En effet, l’est de l’Euphrate a une importance stratégique et économique de premier plan pour la Maison-Blanche qui veut à tout prix empêcher le contrôle de cette région par l’armée syrienne.
En essayant de contrôler l’est de l’Euphrate à l’aide des forces kurdes, Washington espère pouvoir se servir de cette région comme un levier de pression sur Damas, tout en empêchant la progression de la Résistance et des alliés de l’armée syrienne vers l’est de l’Euphrate. Cerise sur le gâteau: les Américains semblent être incapables de se passer des champs de pétrole dans l’est de l’Euphrate.

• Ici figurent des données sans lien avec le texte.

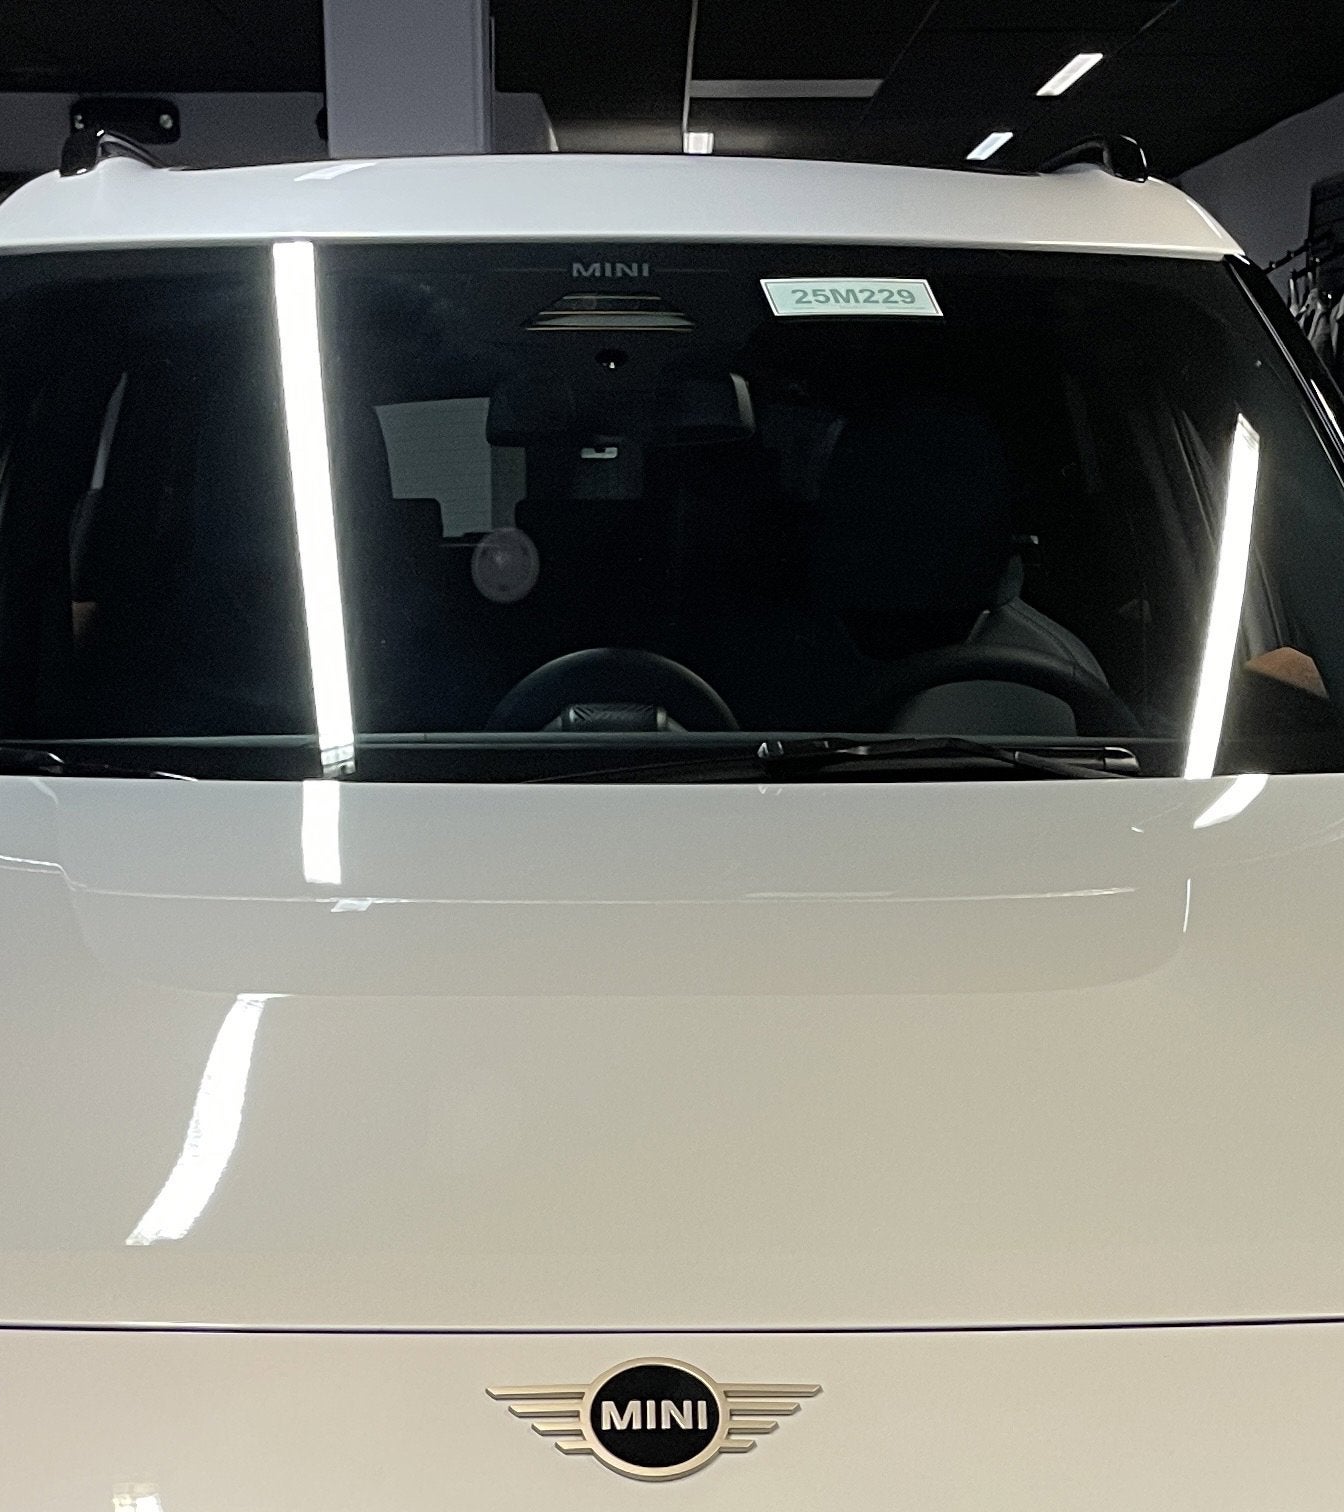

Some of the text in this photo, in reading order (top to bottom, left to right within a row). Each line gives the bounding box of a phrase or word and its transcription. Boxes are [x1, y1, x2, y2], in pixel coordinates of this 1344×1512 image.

En conclusion, Hossein Cheikholeslam estime que la stratégie de Donald Trump consiste à gagner plus en Syrie en y dépensant moins. Il préfère réduire le taux d’engagement direct des militaires américains dans ce pays en les substituant par des acteurs locaux et régionaux. Reste à savoir de quoi seront capables 400 soldats américains et quelques milliers de miliciens par procuration dans une zone tampon qui finira par vite devenir une enclave limitée et fermée de toutes parts.